Amapola enrojece nuevamente.

- Una vez, una adivina de nombre islandés me dijo que debía esperar a una muchacha alada. Y eso he hecho. Te he esperado toda la vida.

 

 

 

 

 

 

 

 

 

 

 

 

 

 

 

 

 

 

 

 

Veintidós


Con la llegada del día, Amapola tiene el corazón lleno de historias fantásticas. La Tienda de los Relatos se ha transformado en un gran escenario, que la ha hecho sentir en el tapiz de cuando amanece de mil años.

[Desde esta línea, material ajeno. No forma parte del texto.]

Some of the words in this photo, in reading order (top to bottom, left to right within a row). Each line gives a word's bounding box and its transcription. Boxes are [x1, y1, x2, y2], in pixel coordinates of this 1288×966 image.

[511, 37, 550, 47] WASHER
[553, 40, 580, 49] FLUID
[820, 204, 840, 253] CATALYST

Ferencz ha narrado con distintas voces y melodías, en diversos idiomas, la historia de los objetos que hay a la vista, y Amapola no sabe cuál ha sido la más hermosa.

- Tenemos el resto de nuestros días y de nuestras noches para inventar historias.

Entonces Ferencz la invita a pasar a una pequeña habitación enteramente de cristal desde donde se ve el cielo estrellado, la luna que comienza a menguar y los primeros rayos del sol del día. Están en un altura, y abajo se ve la ciudad y el malecón, el faro, el puerto y los edificios de tejados azules, como si fueran miniaturas. Ferencz la toma de la mano y después la abraza. Amapola reclina la cabeza en el hombro del hombre bueno y cierra los ojos. Siente que se ha enamorado de él, pero no tiene miedo. Entonces Ferencz dice que es 22, el primer día del otoño, y que hay que celebrarlo como está dispuesto. Enciende el fuego en una estufa tan grande que Amapola podría sentarse en su interior; las llamas se alzan y despiden luces verdes y azules. Ferencz arrima unos sillones bajos y sirve dos copas de vino.

- Bienvenida, vida –dice y brinda.

Amapola ríe. Es feliz. Cierra los ojos y le parece que Armandus y Bárukka le hacen una guiñada. Las alas resplandecen a la luz de la hoguera que crepita y perfuma el aire.
 
- ¿En qué piensas?
- En dos queridos amigos.

Ferencz sonríe con todo el rostro y la mira a través del vino oscuro.

- Armandus y Bárukka.
- ¿Los conoces?
- ¿Quieres que te cuenta su historia?

Amapola dice que sí y se reclina. Para cuando amanece, se ha dormido, y Ferencz la ha cubierto con una manta multicolor. Le acomoda las alas y se la queda mirando. A la luz del amanecer, Amapola resplandece y tiene todas las edades. Abre los ojos de pronto y descubre la mirada de Ferencz. Se pierde allí, segura. El hombre del cabello blanco le sonríe y ella se vuelve a dormir, y sueña con él.